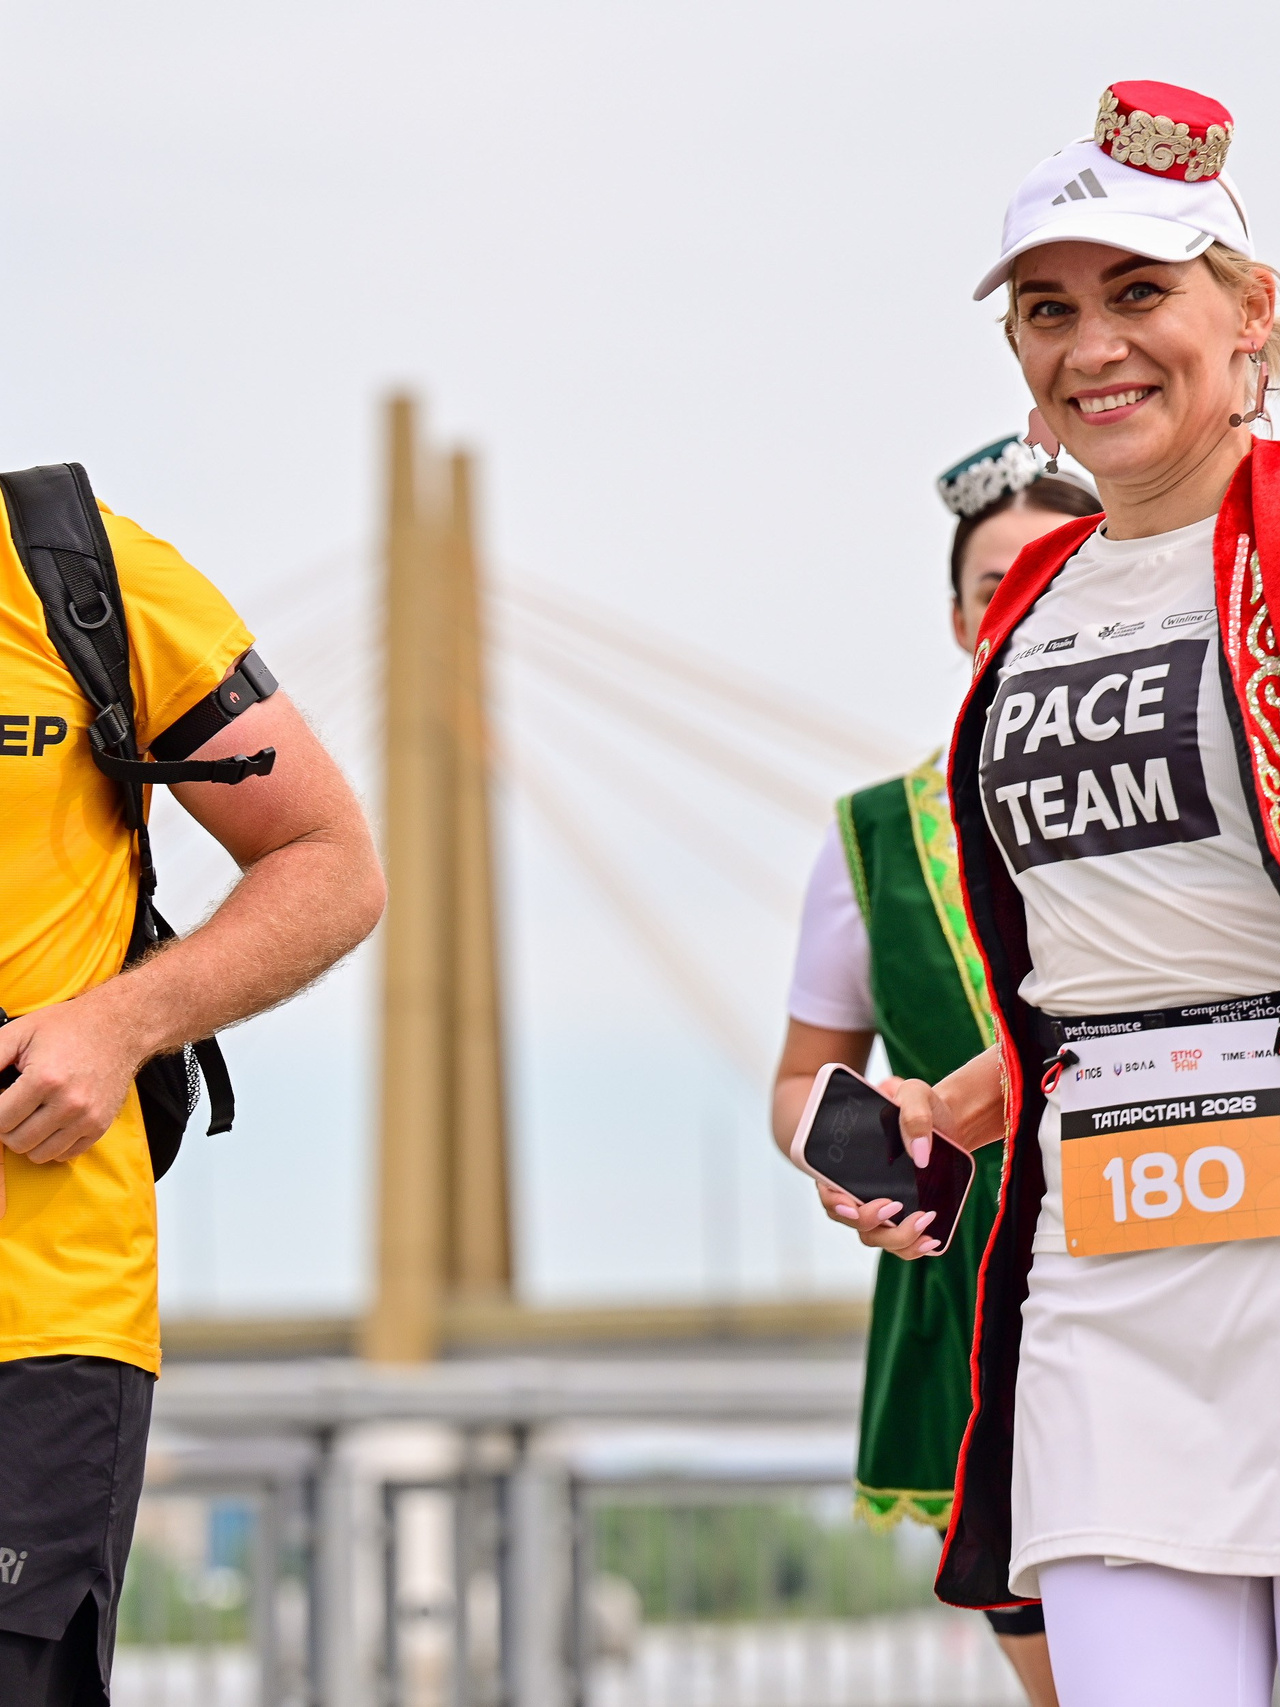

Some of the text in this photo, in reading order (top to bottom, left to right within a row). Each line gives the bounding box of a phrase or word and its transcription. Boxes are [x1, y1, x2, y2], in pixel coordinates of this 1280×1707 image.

[1167, 614, 1203, 626] Winline
[1020, 643, 1045, 659] СБЕР
[993, 663, 1170, 762] PACE
[995, 756, 1180, 847] TEAM
[1181, 995, 1271, 1016] compressport
[1064, 1021, 1142, 1040] performance
[1170, 1049, 1202, 1062] ЭТНО
[1084, 1067, 1102, 1080] ПСБ
[1125, 1060, 1156, 1073] ВФЛА
[1175, 1059, 1198, 1072] РАН
[1092, 1095, 1257, 1130] ТАТАРСТАН 2026
[1102, 1145, 1246, 1223] 180
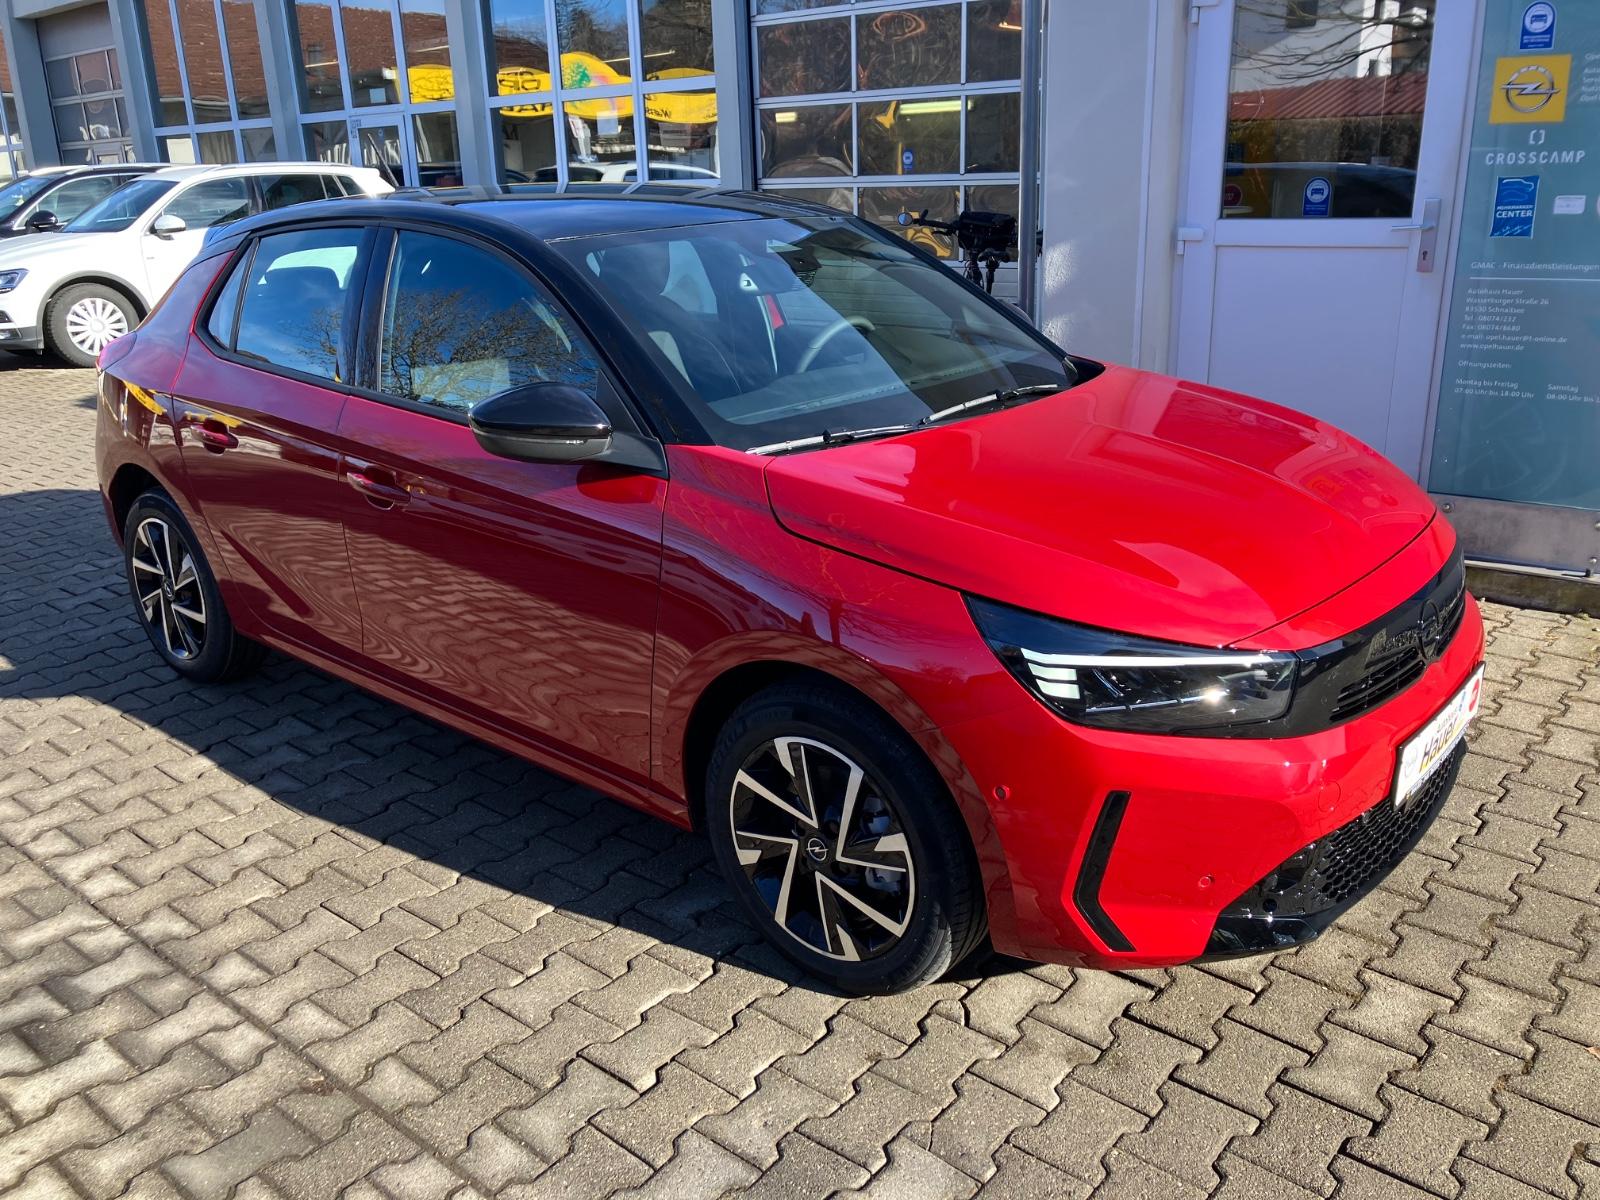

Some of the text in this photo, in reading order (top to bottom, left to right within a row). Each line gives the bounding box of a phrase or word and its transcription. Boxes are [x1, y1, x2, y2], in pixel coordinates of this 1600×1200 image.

[1485, 150, 1585, 165] CROSSCAMP
[1496, 210, 1533, 218] CENTER
[1456, 379, 1482, 387] Montag
[1494, 381, 1519, 389] Freitag
[1547, 383, 1579, 393] Samstag
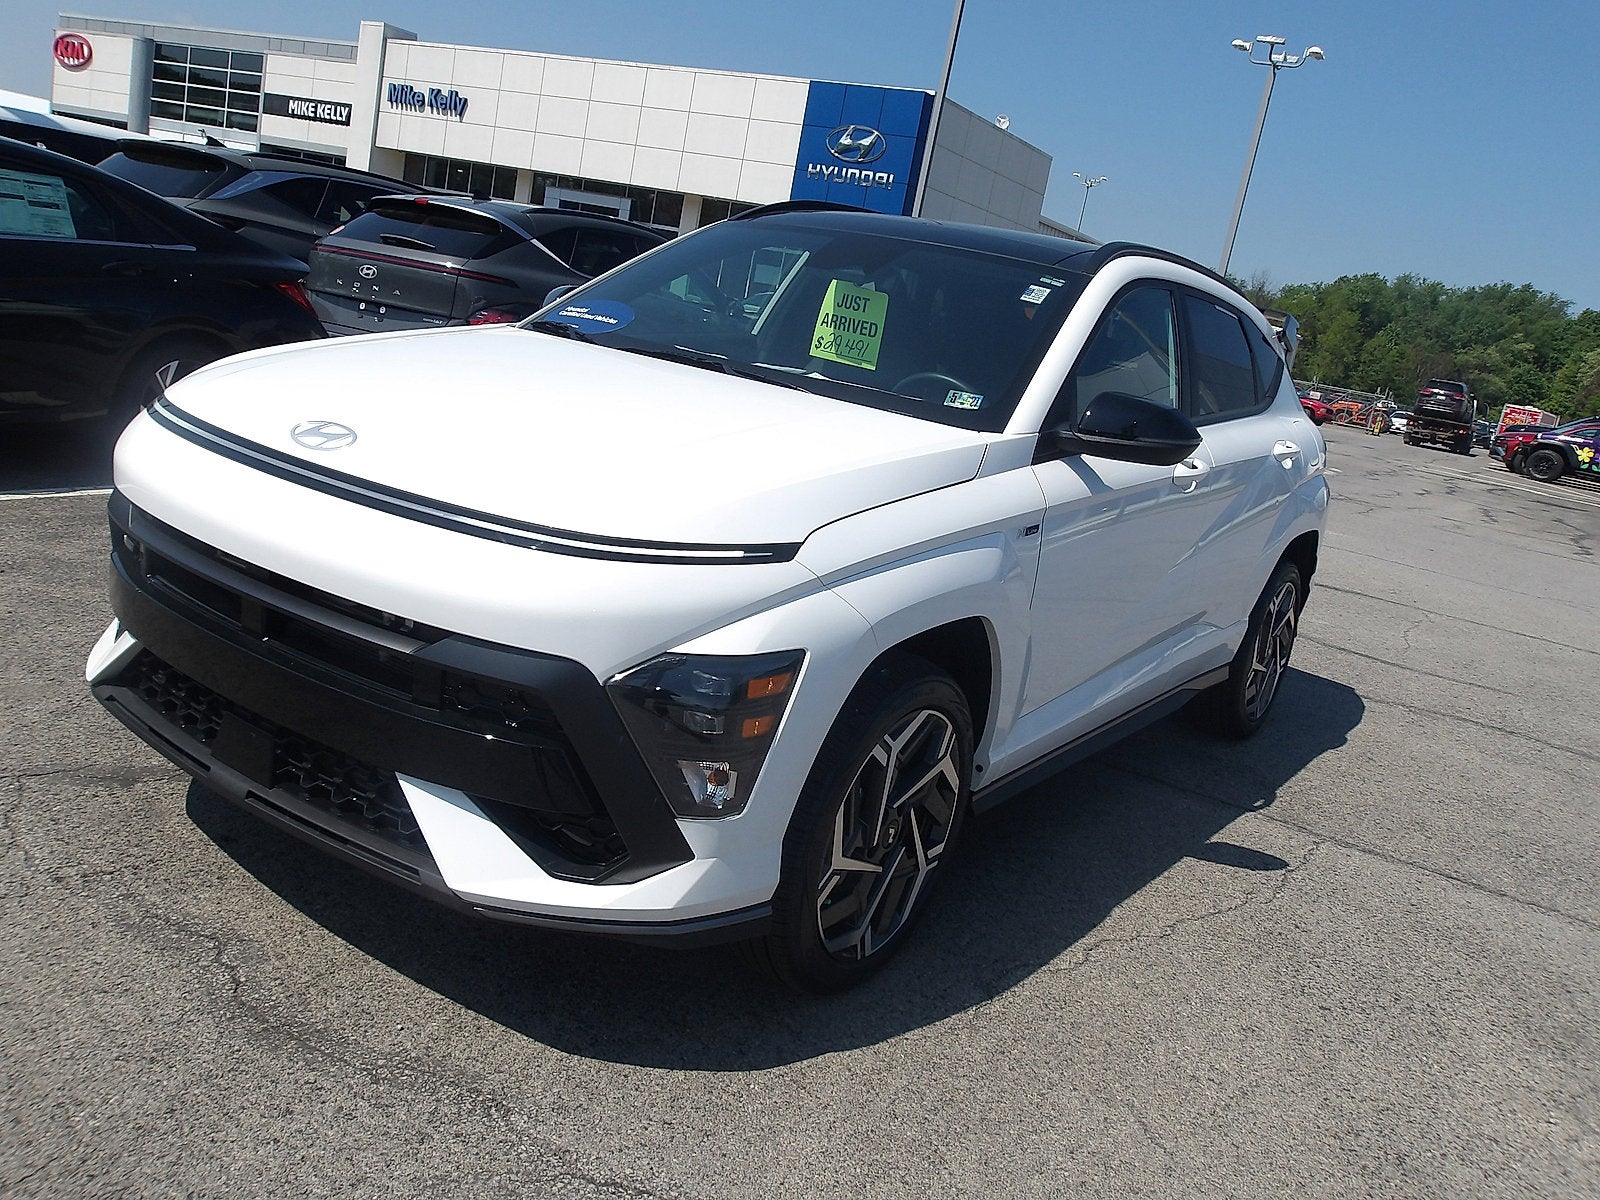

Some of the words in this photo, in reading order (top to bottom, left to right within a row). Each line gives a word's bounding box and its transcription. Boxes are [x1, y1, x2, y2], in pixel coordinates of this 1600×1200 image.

[289, 100, 316, 117] MIKE
[316, 104, 350, 121] KELLY
[387, 83, 425, 107] Mike
[427, 87, 468, 119] Kelly
[807, 163, 895, 190] HYUNDAI
[837, 294, 870, 313] JUST
[820, 312, 879, 338] ARRIVED
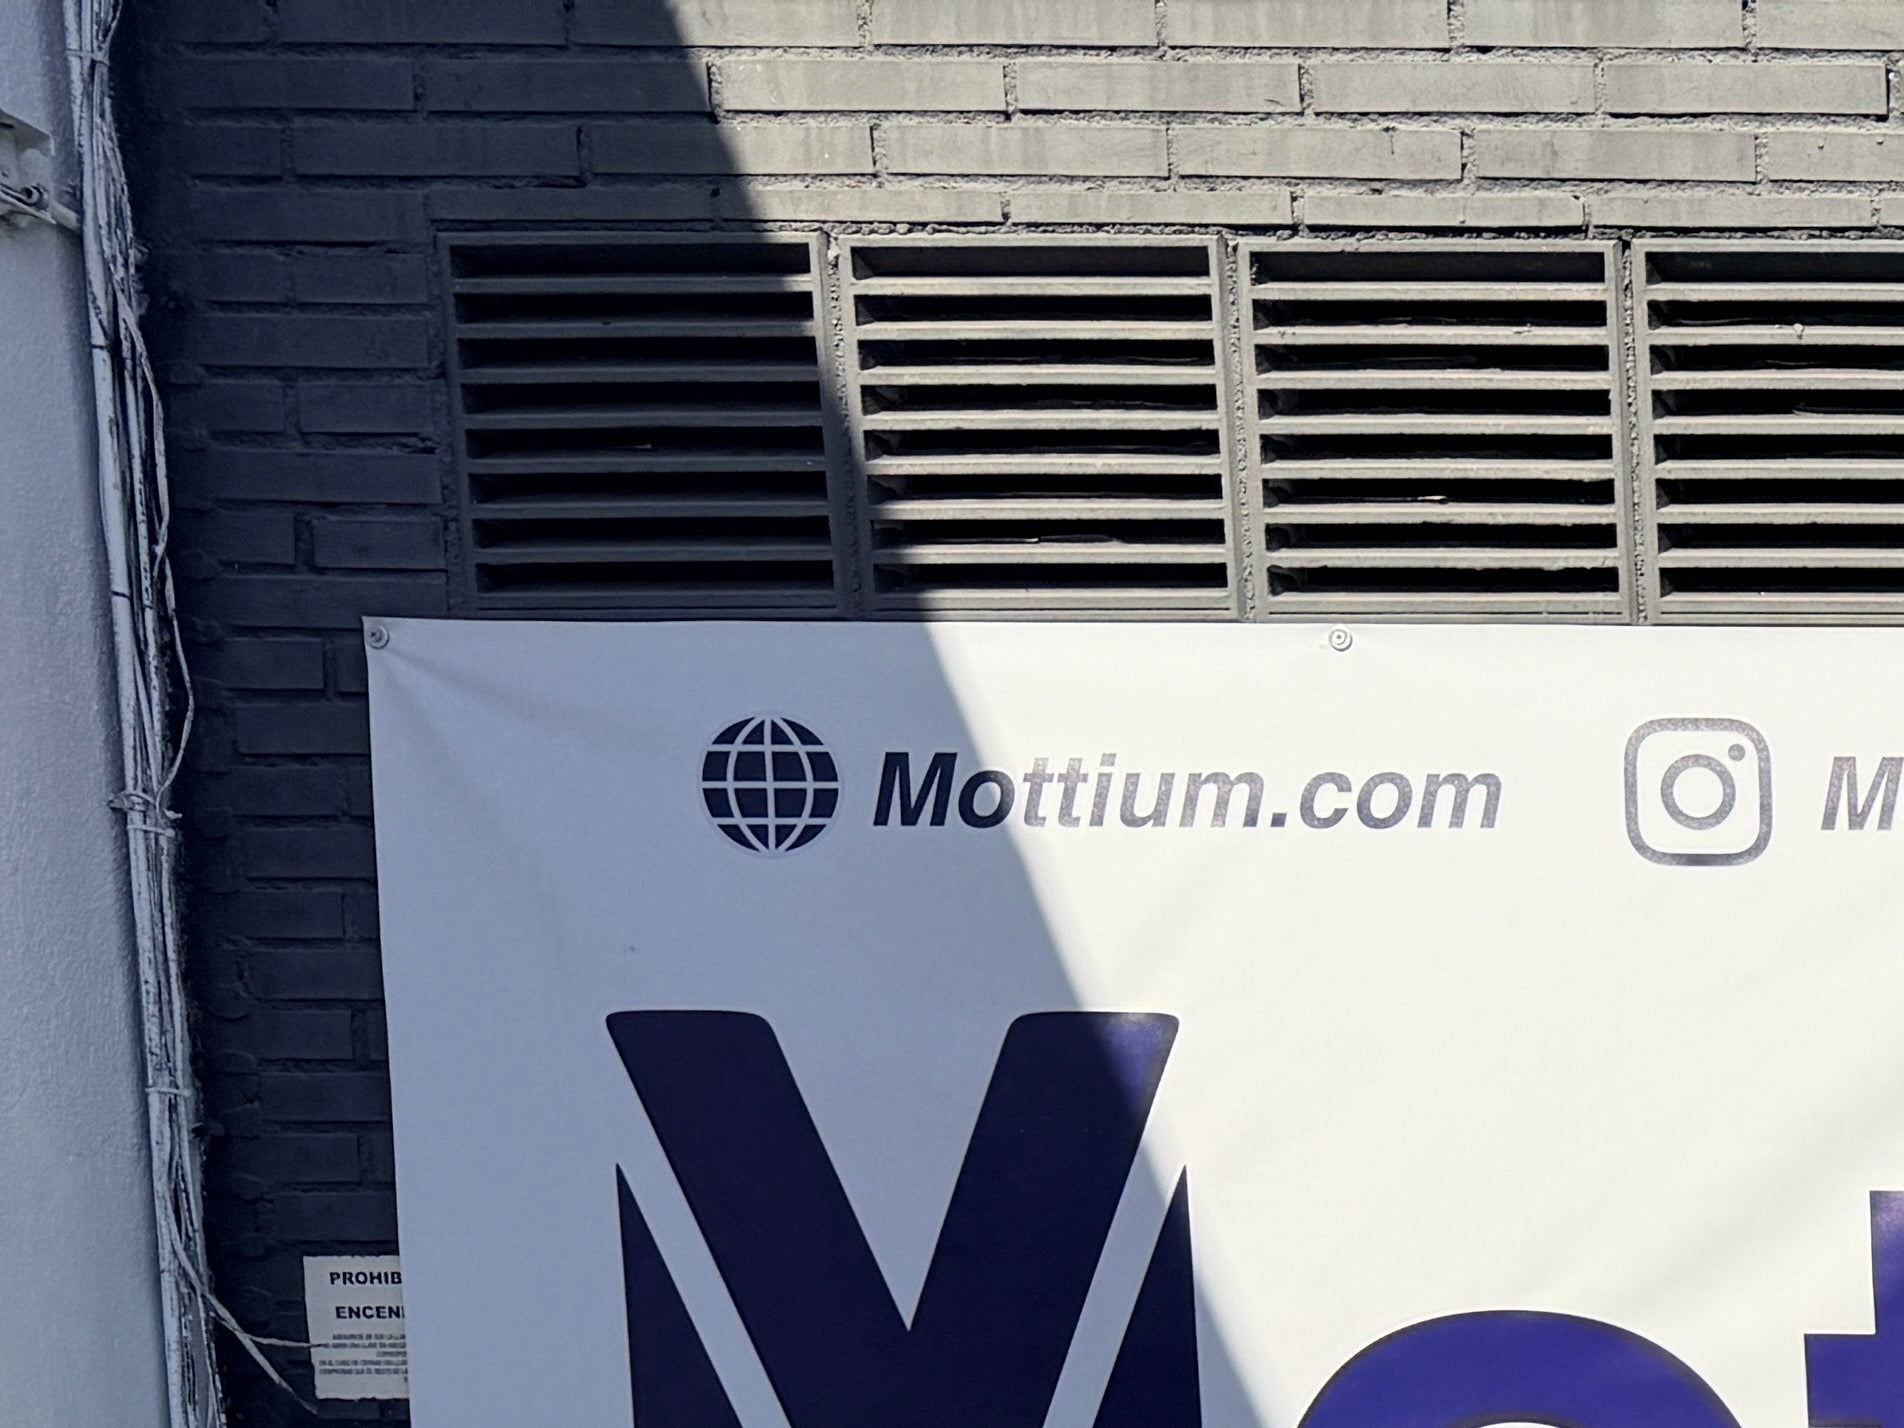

Task brief -> Skipping the images, write out the whole listing exactly.

Answer to the exercise ->
Some of the text in this photo, in reading order (top to bottom, left to right within a row). Each line gives the bounding box of a phrase or word and its transcription. Boxes are [x1, y1, x2, y2], in pixel coordinates of this 1280×1707 image.

[1167, 614, 1203, 626] Winline
[1020, 643, 1045, 659] СБЕР
[993, 663, 1170, 762] PACE
[995, 756, 1180, 847] TEAM
[1181, 995, 1271, 1016] compressport
[1064, 1021, 1142, 1040] performance
[1170, 1049, 1202, 1062] ЭТНО
[1084, 1067, 1102, 1080] ПСБ
[1125, 1060, 1156, 1073] ВФЛА
[1175, 1059, 1198, 1072] РАН
[1092, 1095, 1257, 1130] ТАТАРСТАН 2026
[1102, 1145, 1246, 1223] 180

Some of the text in this photo, in reading order (top to bottom, left to right within a row). Each line gives the bounding box of a phrase or word and its transcription. Boxes are [x1, y1, x2, y2], in pixel coordinates of this 1600×1200 image.

[1485, 150, 1585, 165] CROSSCAMP
[1496, 210, 1533, 218] CENTER
[1456, 379, 1482, 387] Montag
[1494, 381, 1519, 389] Freitag
[1547, 383, 1579, 393] Samstag

Some of the words in this photo, in reading order (top to bottom, left to right within a row). Each line gives a word's bounding box and its transcription. Boxes are [x1, y1, x2, y2], in pixel coordinates of this 1600×1200 image.

[289, 100, 316, 117] MIKE
[316, 104, 350, 121] KELLY
[387, 83, 425, 107] Mike
[427, 87, 468, 119] Kelly
[807, 163, 895, 190] HYUNDAI
[837, 294, 870, 313] JUST
[820, 312, 879, 338] ARRIVED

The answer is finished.